> Instructions for the task
Your task is to copy the listing exactly. Drop any pictures from the copy.

> Data for this exercise
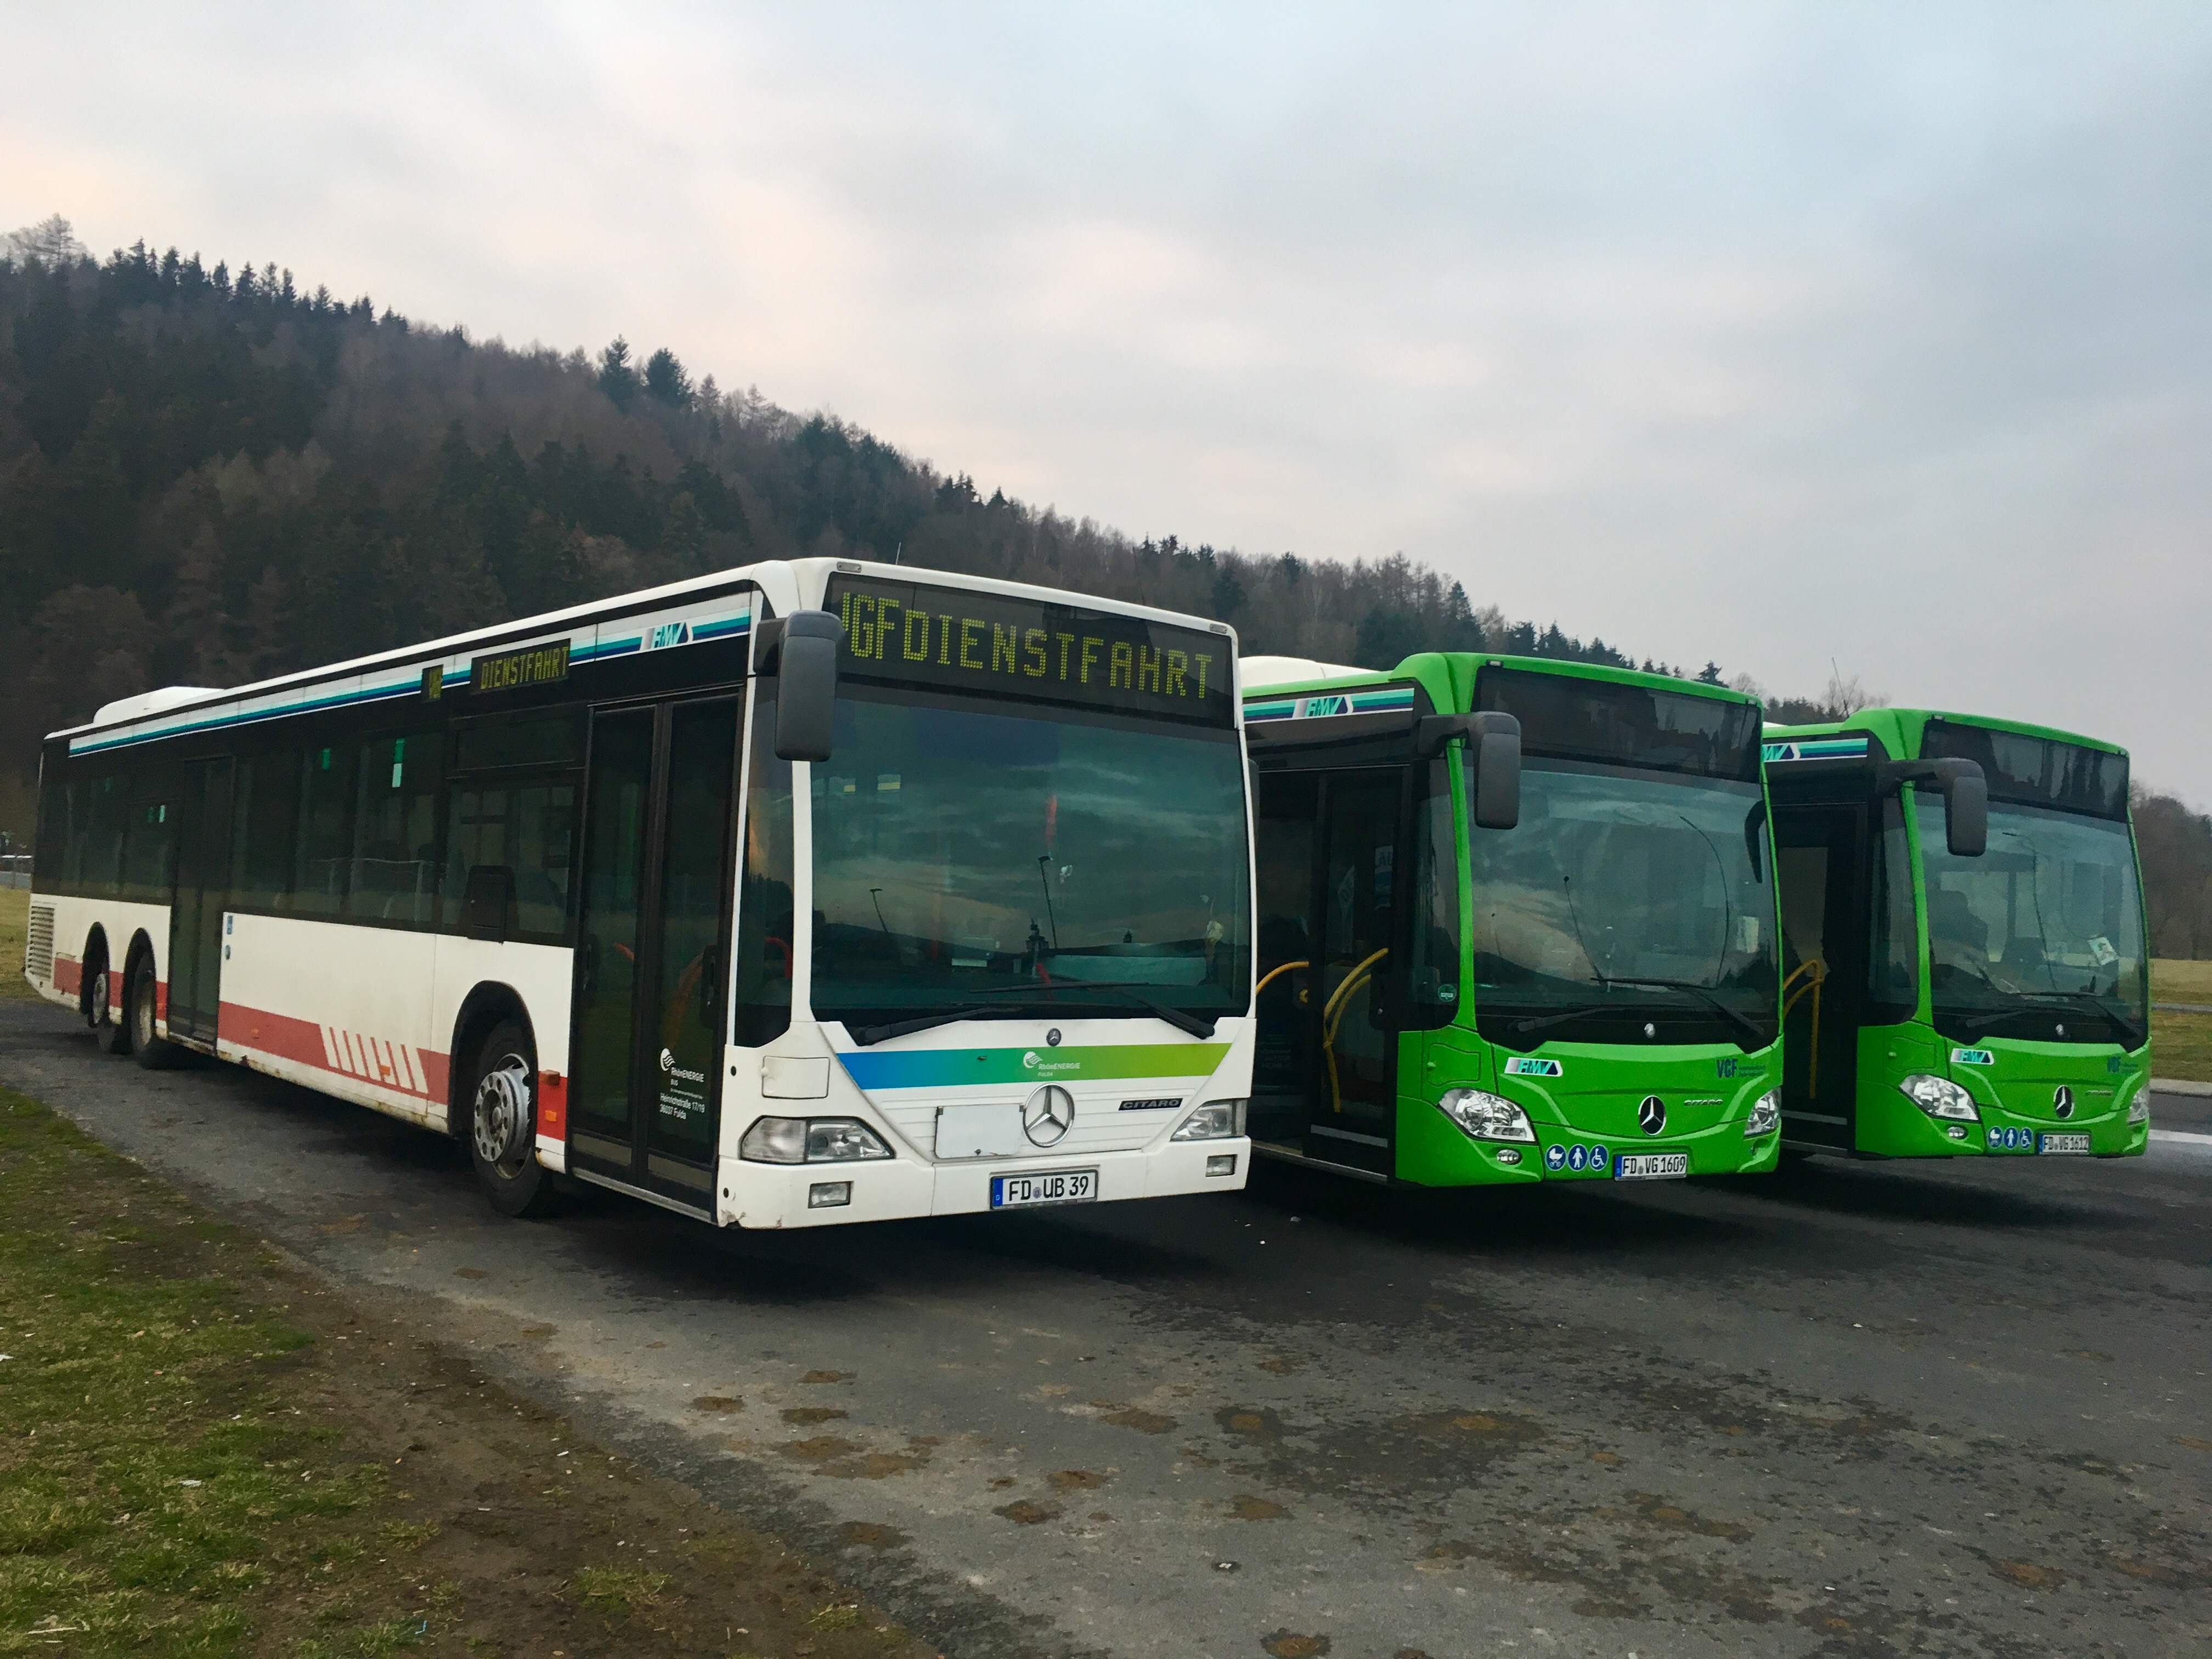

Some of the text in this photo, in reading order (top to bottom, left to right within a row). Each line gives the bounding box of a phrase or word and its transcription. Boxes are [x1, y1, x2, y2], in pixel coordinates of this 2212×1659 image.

[903, 609, 1212, 699] DIENSTFAHRT
[481, 646, 569, 690] DIENSTFAHRT
[1716, 1058, 1738, 1079] VGF
[1122, 1099, 1179, 1108] CITARO
[1623, 1156, 1686, 1174] FD VG 1609
[1009, 1180, 1031, 1201] FD
[1043, 1178, 1064, 1198] UB
[1069, 1176, 1088, 1196] 39

> Task output
Some of the text in this photo, in reading order (top to bottom, left to right within a row). Each line gives the bounding box of a phrase or word and its transcription. Boxes are [x1, y1, x2, y2], in pixel coordinates of this 2212×1659 image.

[903, 609, 1212, 699] DIENSTFAHRT
[481, 646, 569, 690] DIENSTFAHRT
[1716, 1058, 1738, 1079] VGF
[1122, 1099, 1179, 1108] CITARO
[1623, 1156, 1686, 1174] FD VG 1609
[1009, 1180, 1031, 1201] FD
[1043, 1178, 1064, 1198] UB
[1069, 1176, 1088, 1196] 39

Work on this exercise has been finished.